One potential problem when using clustered columnstore is that you can’t deploy it on a table that has triggers. Also, LOB types (NVARCHAR(MAX)) are not supported for clustered columnstore indexes until SQL 2017.
Separating clustered and PRIMARY KEY
If you have an existing clustered rowstore that’s defined as a CONSTRAINT (for example with CREATE/ALTER TABLE), and you want to replace it with a clustered columnstore, then you’ll have to drop the constraint before creating the columnstore. That’s because the DROP_EXISTING = ON syntax is not supported for ALTER TABLE.
And because the key columns of a clustered index are also stored in every nonclustered index, it might be faster to drop nonclustered indexes before dropping a constraint that’s also the clustering key.
Keep in mind that even though a clustered columnstore contains the word “clustered” – which in the rowstore world means that it’s physically ordered – clustered columnstore indexes have no order. To achieve the best rowgroup elimination, you would first have to physically order your data using a regular clustered index, and then create the clustered columnstore with DROP_EXISTING = ON.

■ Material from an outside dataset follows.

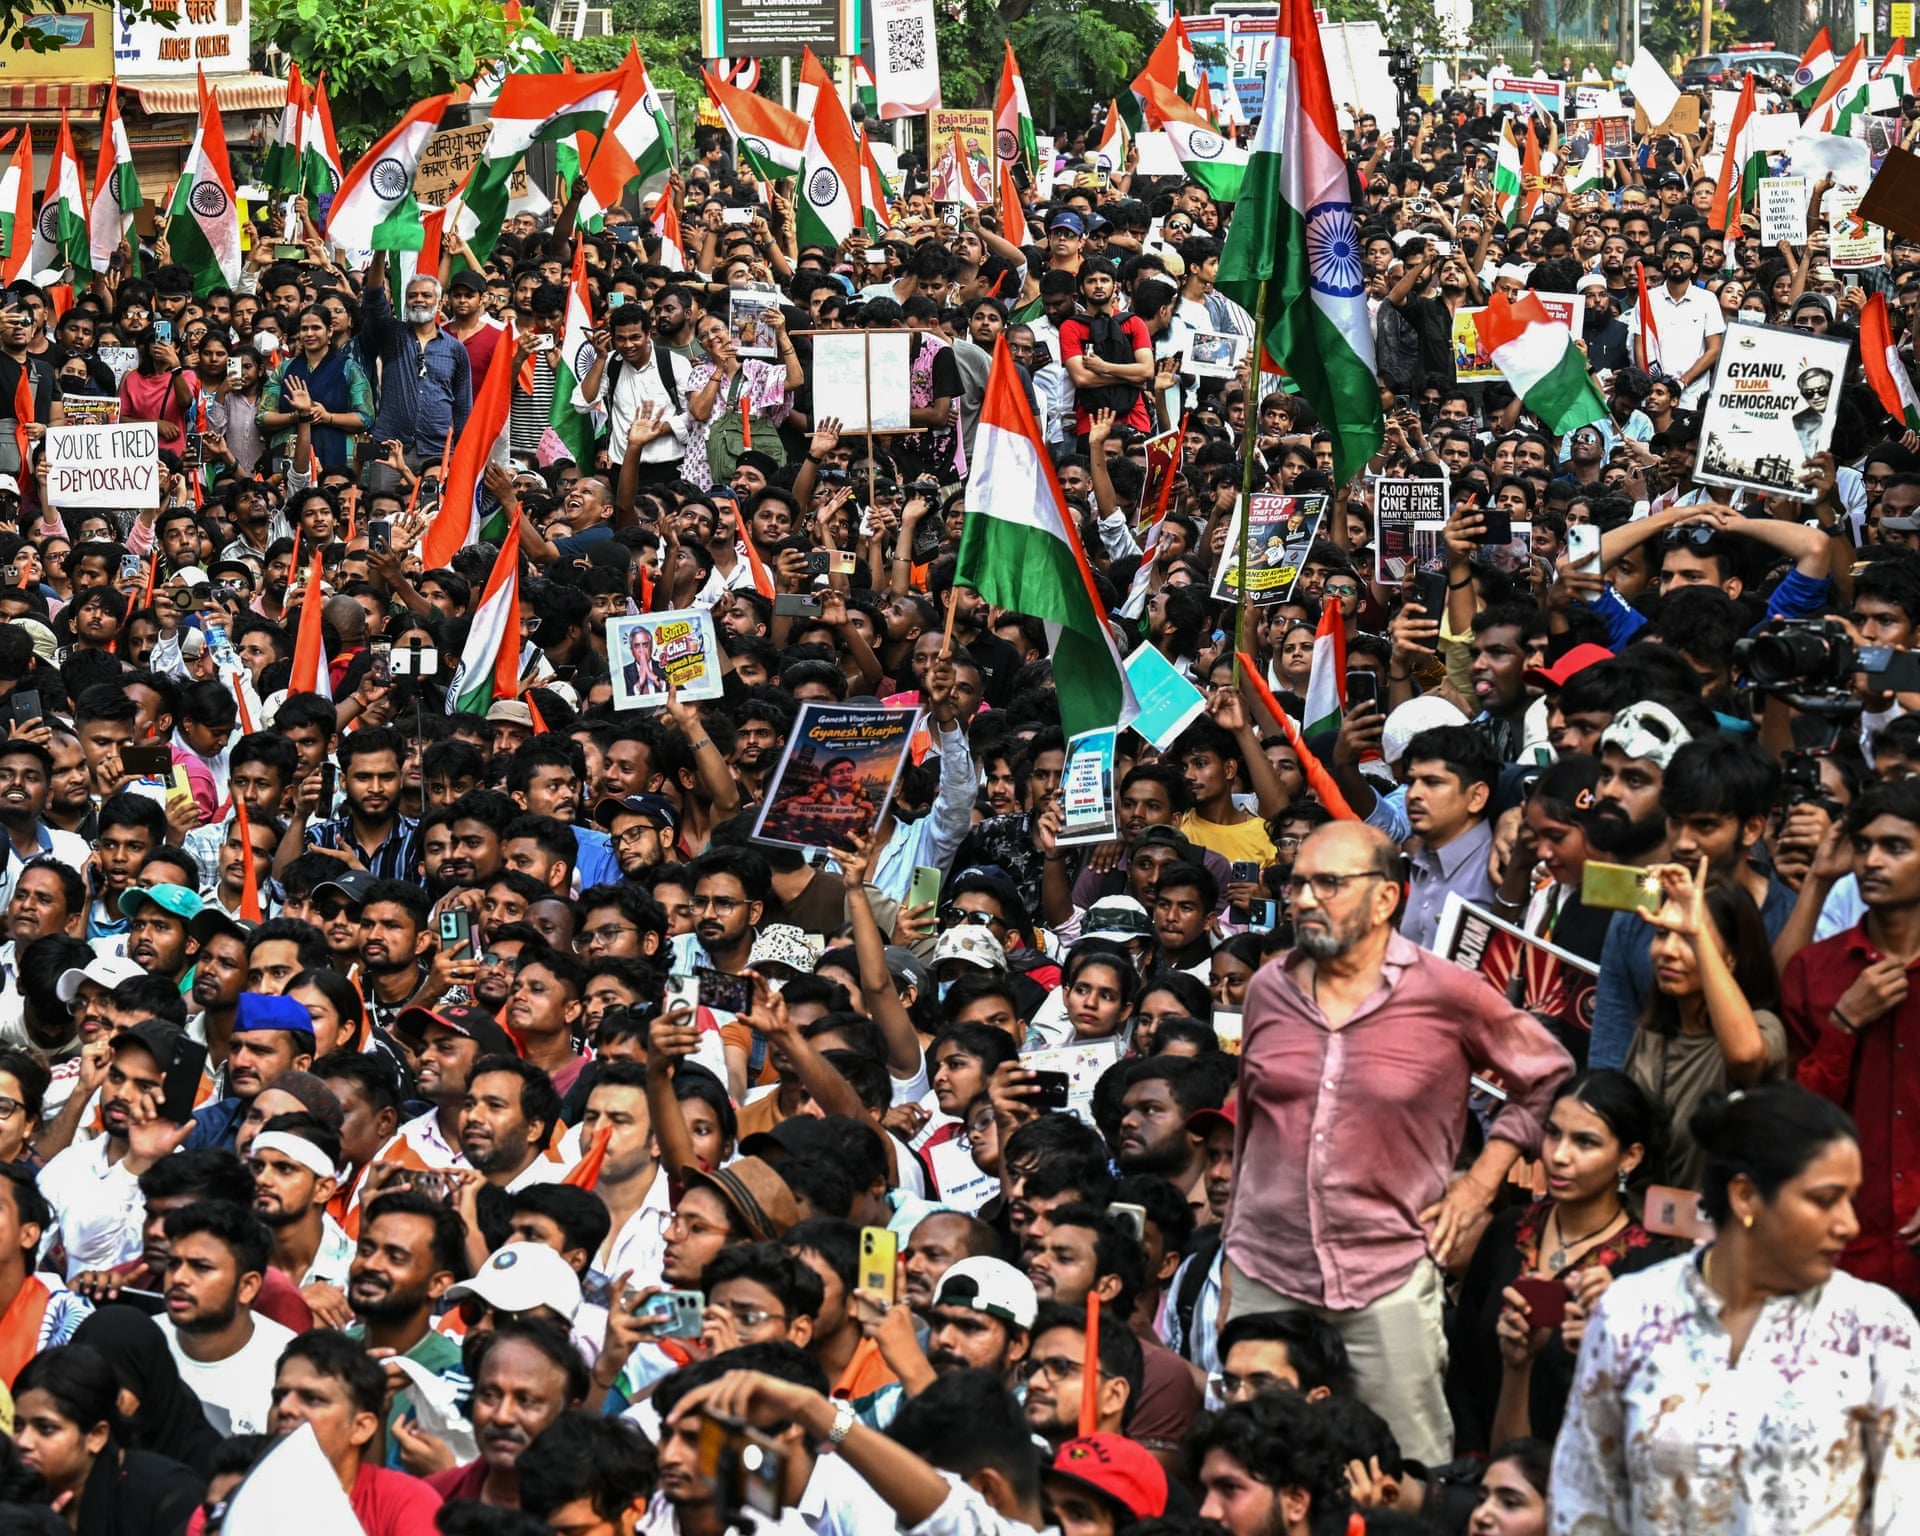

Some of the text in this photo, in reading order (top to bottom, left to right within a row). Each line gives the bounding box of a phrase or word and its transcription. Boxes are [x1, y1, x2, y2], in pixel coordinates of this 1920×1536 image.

Violating the fundamentals of database design can have far reaching effects, long after the original designers have moved on. Common mistakes are using MAX for VARCHAR/NVARCHAR columns that don’t need it, like FirstName/LastName/Address, etc., and using DATETIME when you don’t need the time tick values, like for a check date. You’re not likely to see the negative effects of this for a long time, but those who come after you will be left with headaches that are difficult to fix. Let’s say that you had a CheckDate column on a table with billions of rows, and the CheckDate column was part of the clustering key. All nonclustered indexes store the clustering key internally, so instead of storing 3 bytes for a CheckDate column based upon the DATE datatype, each nonclustered index will store an extra 5 bytes (total of 8 bytes) for the DATETIME datatype.
If you want to optimize the size of your backups, what’s been discussed to far can help. But eventually, you’ll probably hit some type of time and/or size constraint when doing backups, even if using compression. One solution to this issue is to use some form of partitioning, be it partitioned tables and/or partitioned views.
With partitioned tables, you can mark filegroups as readonly, back them up once, and from that point on do only full and differential filegroup backups. Even CHECKDB can be run for specific filegroups. But be forewarned – table partitioning was introduced in SQL 2005, and there hasn’t been a lot of investment in this feature in recent years. Partitioned views solve a lot of the problems that exist with partitioned tables, but they have their own gotchas, such as not being able to insert through a partitioned view if the any of the base tables have columns that use the IDENTITY property.
As is often the case, choosing the best solution includes balancing requirements with feature limitations.